====== Exercise material
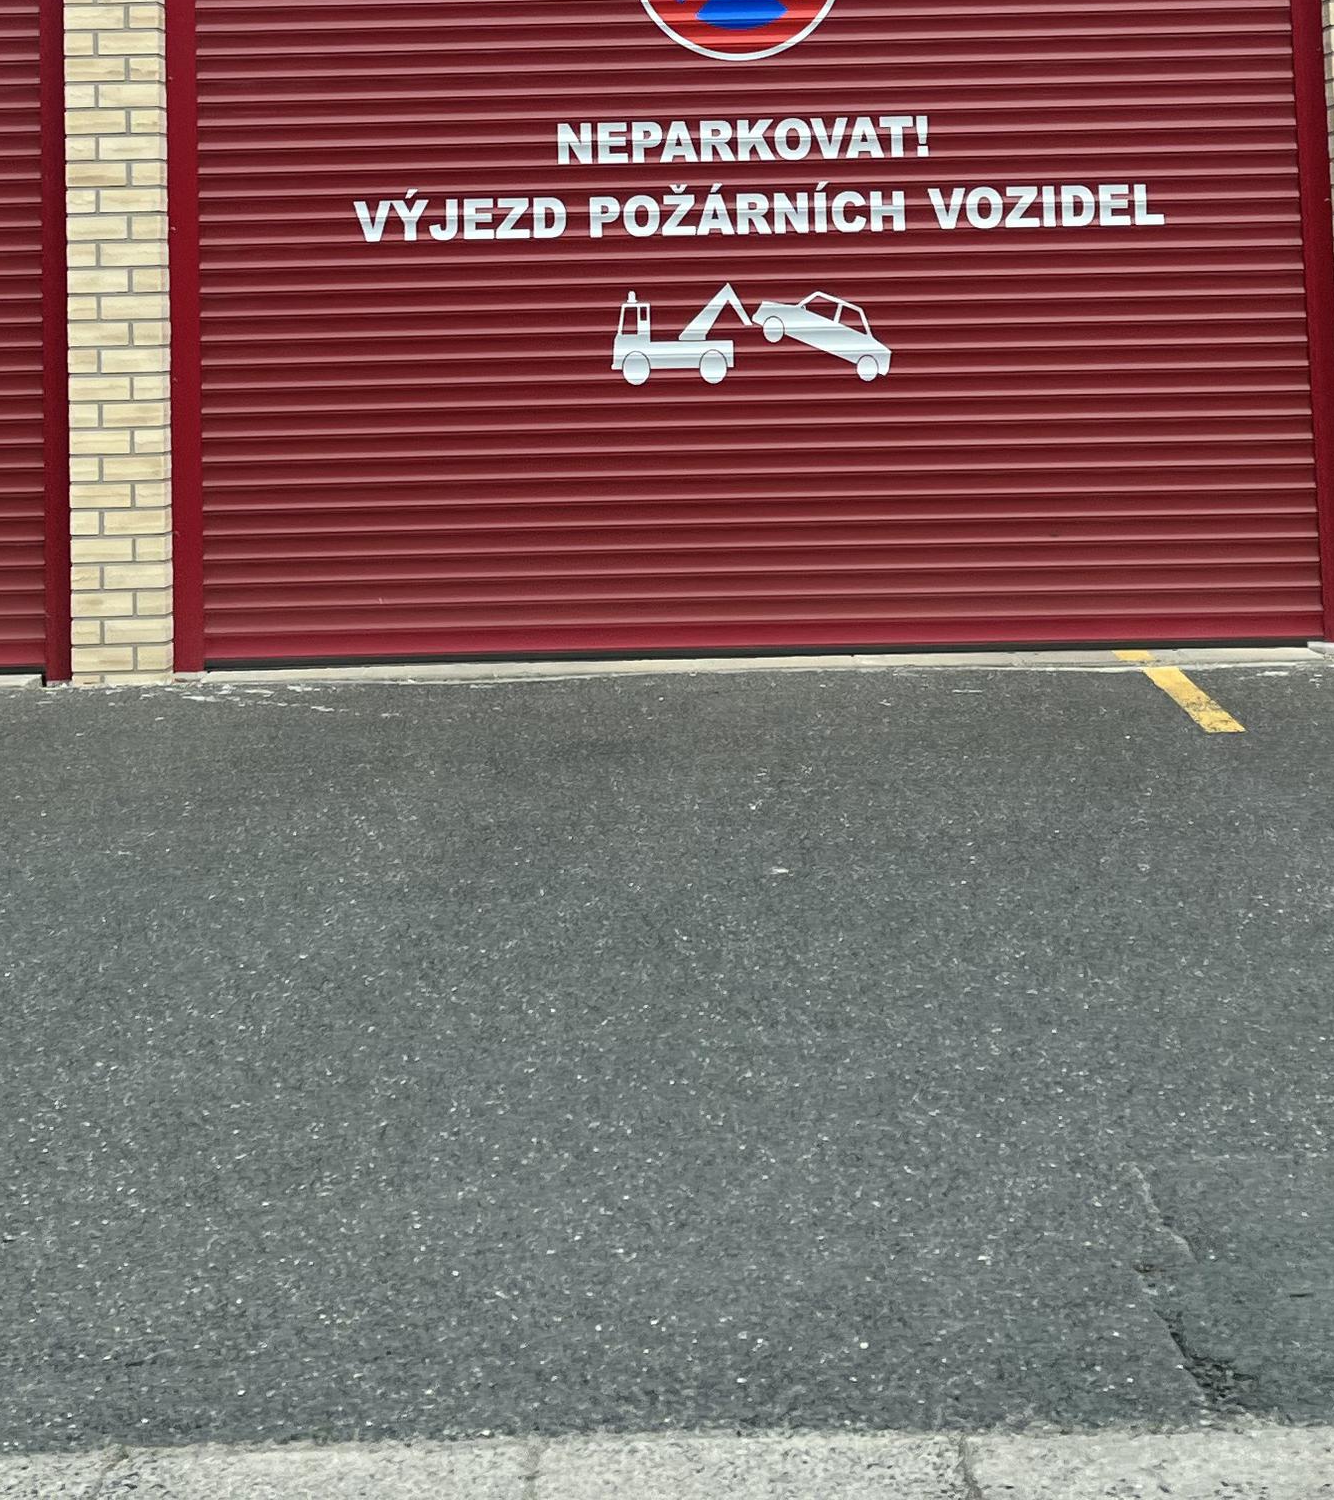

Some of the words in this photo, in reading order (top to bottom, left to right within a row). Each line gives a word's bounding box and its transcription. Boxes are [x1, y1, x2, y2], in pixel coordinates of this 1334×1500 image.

[557, 115, 931, 165] NEPARKOVAT!
[353, 188, 568, 243] VÝJEZD
[588, 181, 907, 238] POŽÁRNÍCH
[928, 183, 1166, 231] VOZIDEL
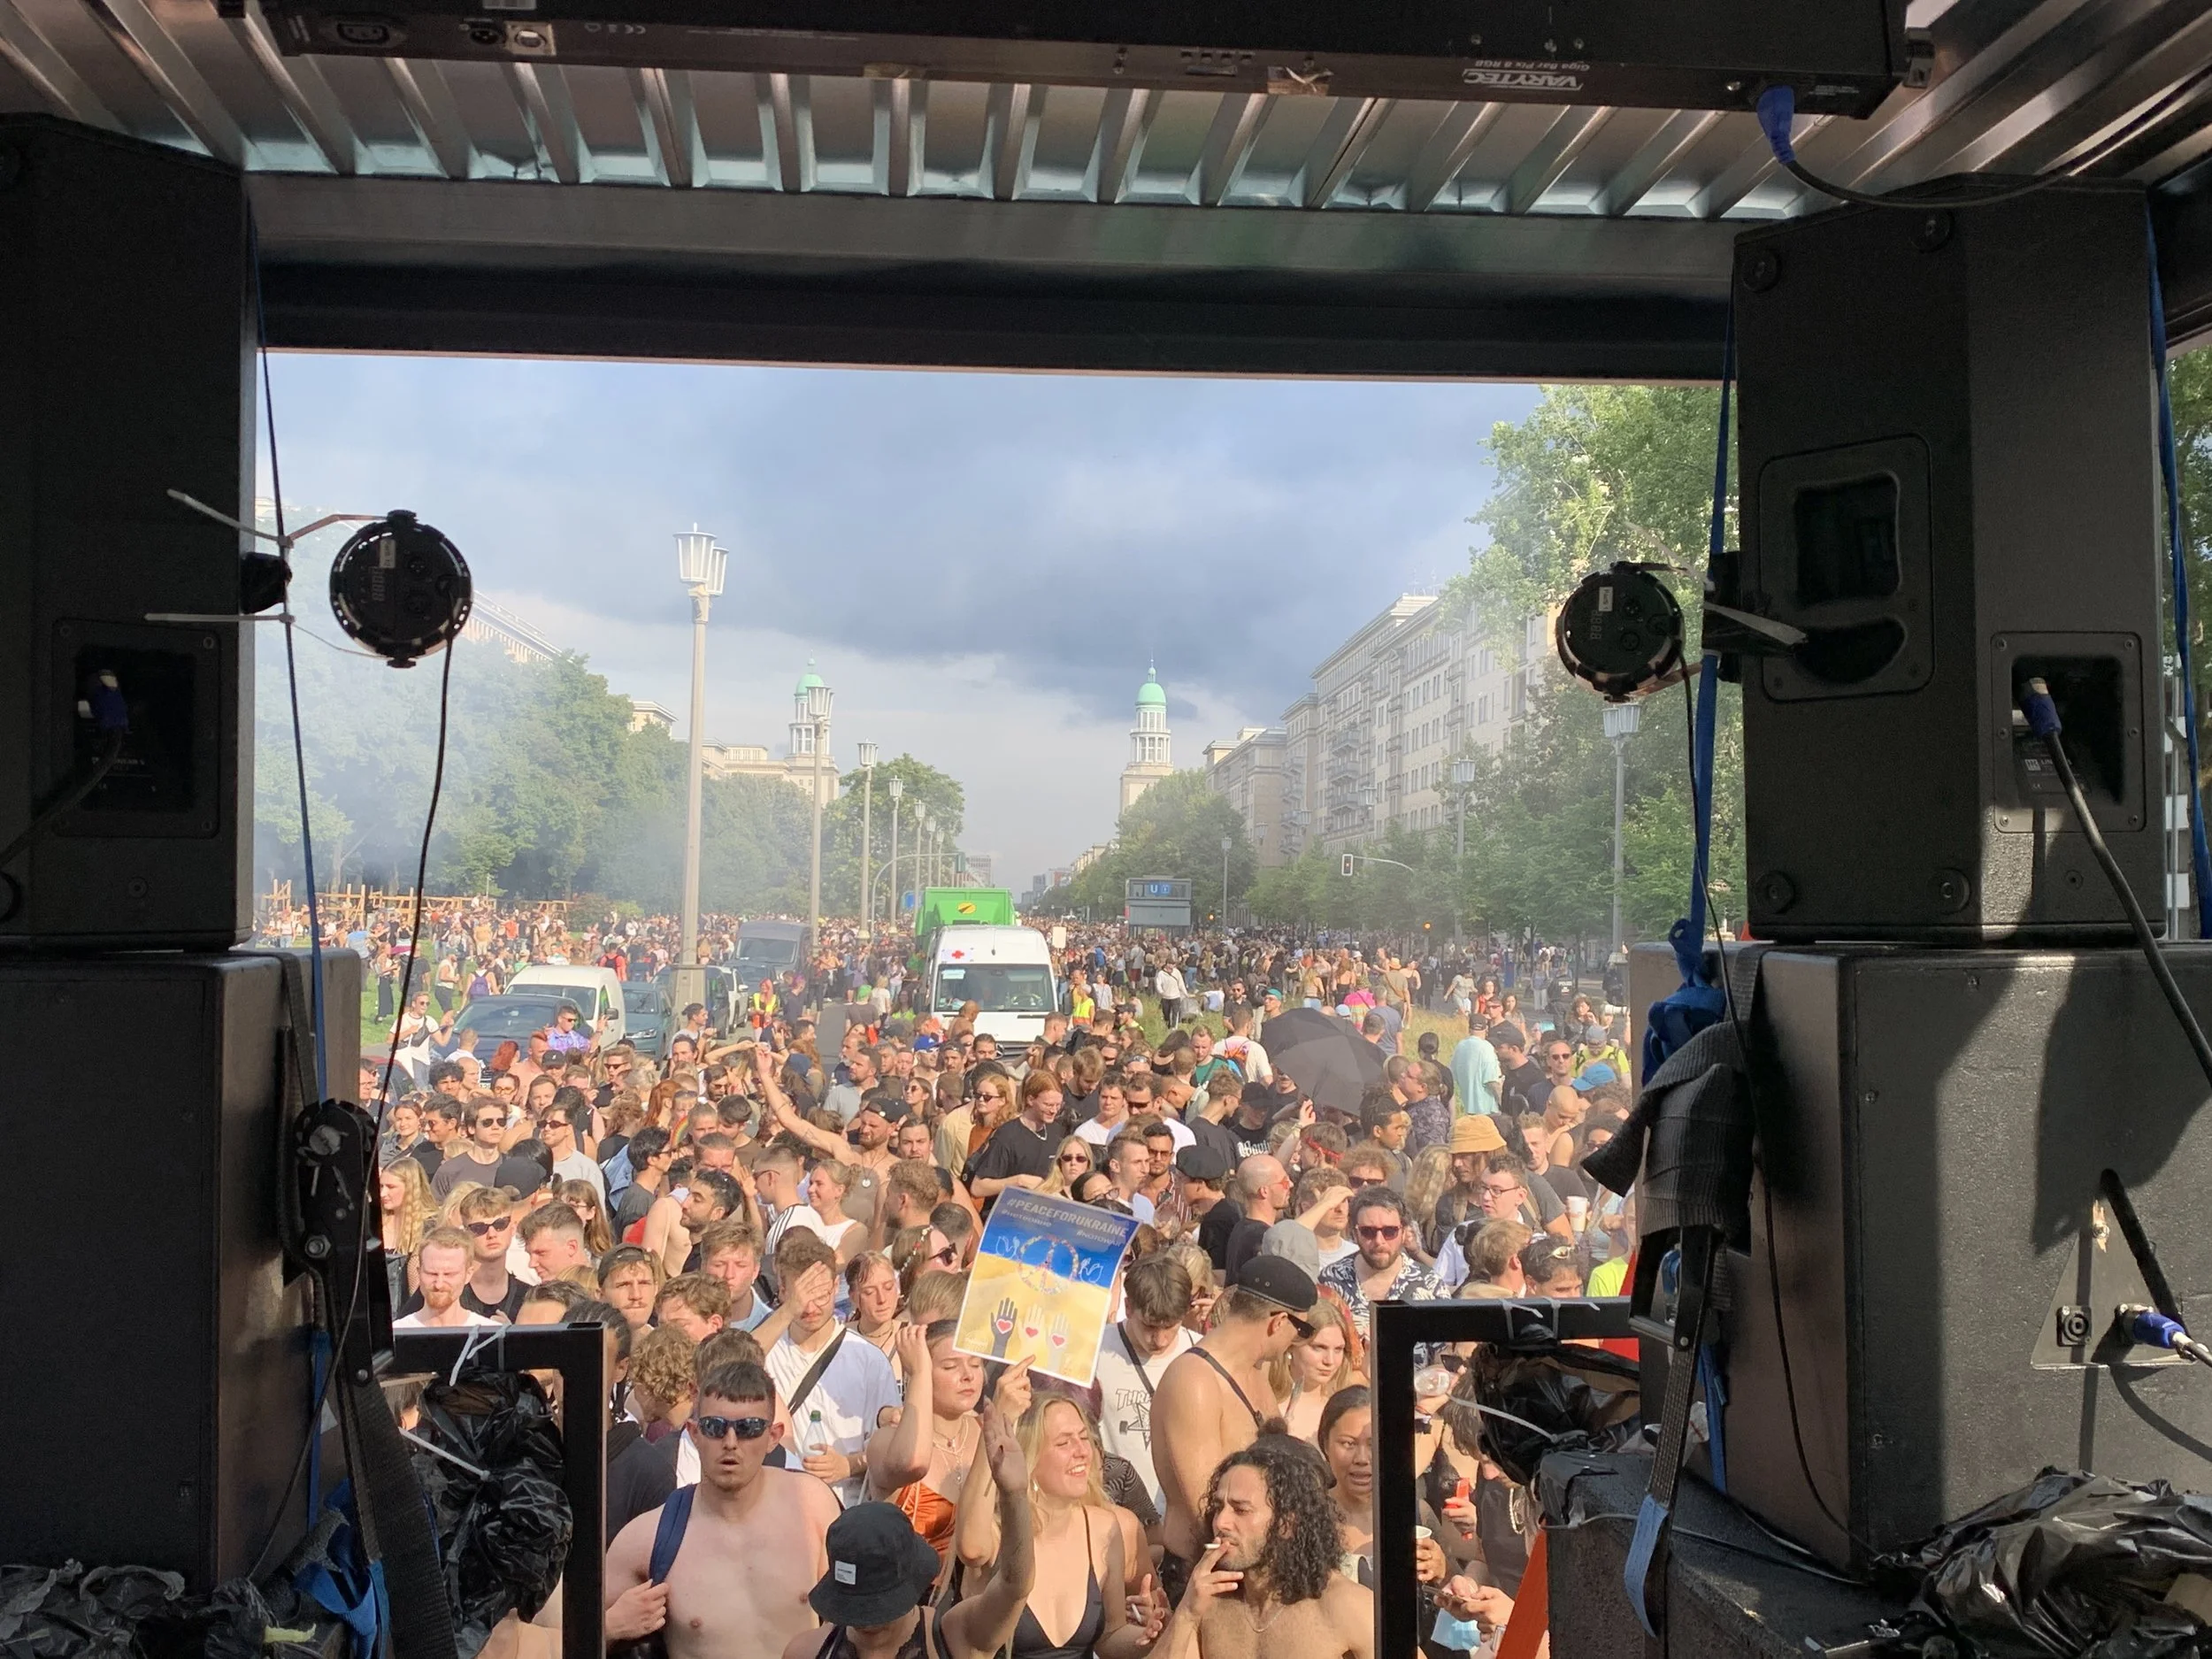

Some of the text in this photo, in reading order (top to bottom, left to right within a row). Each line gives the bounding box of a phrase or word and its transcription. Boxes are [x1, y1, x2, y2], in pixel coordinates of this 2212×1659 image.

[1474, 59, 1502, 68] RGB
[1561, 61, 1590, 72] Giga
[1463, 71, 1578, 88] VARYTEC
[1149, 884, 1158, 894] U
[1007, 1198, 1130, 1238] #PEACEFORUKRAINE
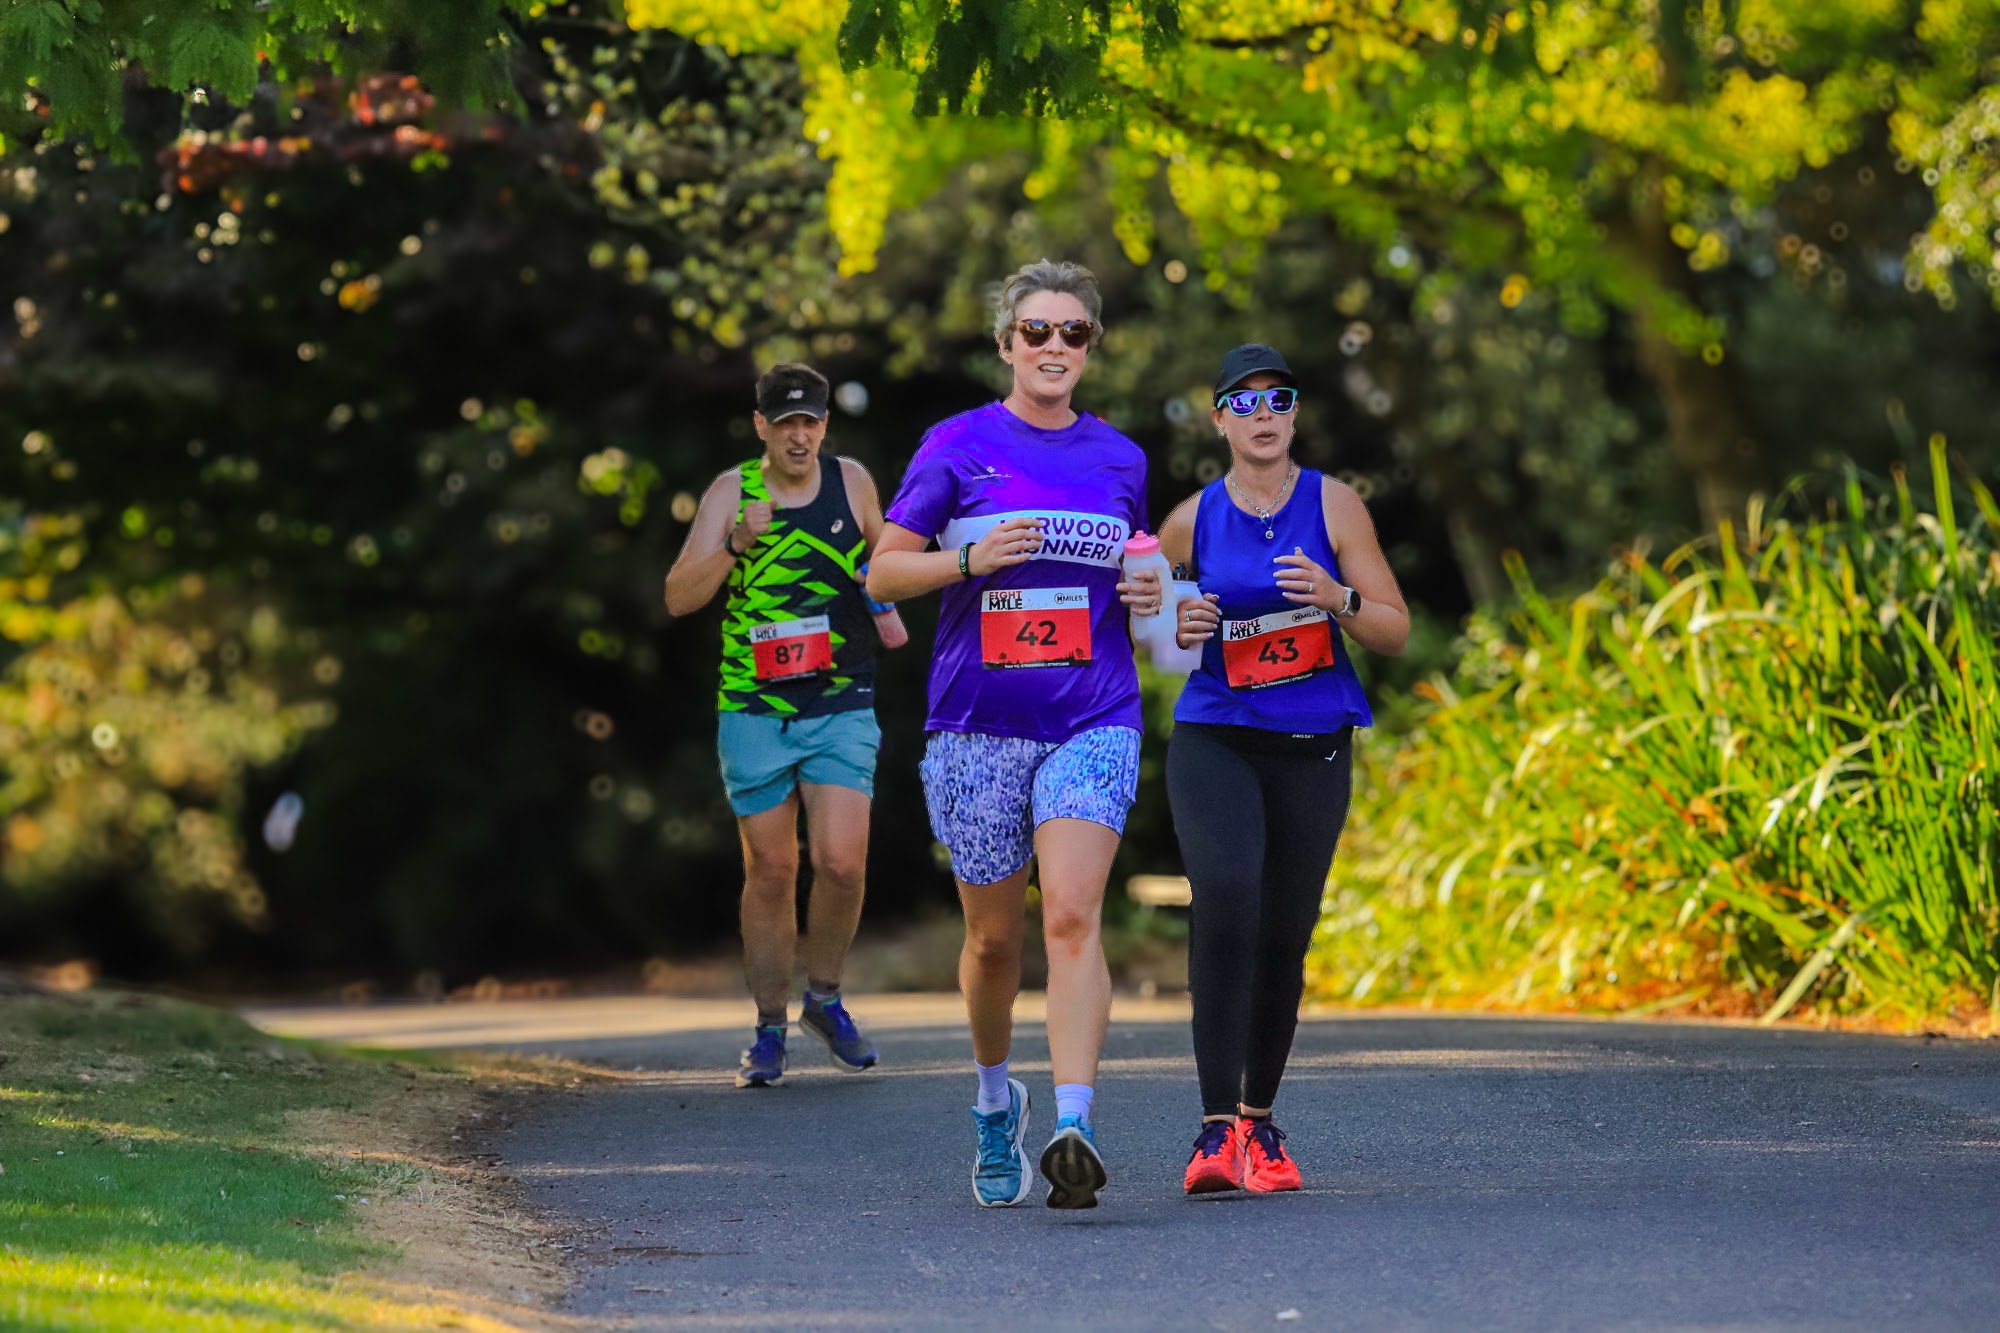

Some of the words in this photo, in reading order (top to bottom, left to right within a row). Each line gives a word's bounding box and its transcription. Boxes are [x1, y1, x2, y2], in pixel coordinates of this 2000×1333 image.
============
● Problem details: Drop the pictures and reproduce the rest of the data above exactly.

● Expected answer:
Some of the words in this photo, in reading order (top to bottom, left to right within a row). Each line gives a word's bounding box and its transcription. Boxes are [x1, y1, x2, y2], in pixel coordinates of this 1334×1500 image.

[557, 115, 931, 165] NEPARKOVAT!
[353, 188, 568, 243] VÝJEZD
[588, 181, 907, 238] POŽÁRNÍCH
[928, 183, 1166, 231] VOZIDEL

Some of the text in this photo, in reading order (top to bottom, left to right within a row). Each line gives the bounding box of a phrase or word and its transcription. Boxes are [x1, y1, x2, y2], in pixel coordinates of this 2212×1659 image.

[1474, 59, 1502, 68] RGB
[1561, 61, 1590, 72] Giga
[1463, 71, 1578, 88] VARYTEC
[1149, 884, 1158, 894] U
[1007, 1198, 1130, 1238] #PEACEFORUKRAINE

Some of the words in this photo, in reading order (top to bottom, left to right within a row). Each line gives a word's bounding box and its transcription. Boxes are [x1, y1, x2, y2], in pixel coordinates of this 2000×1333 image.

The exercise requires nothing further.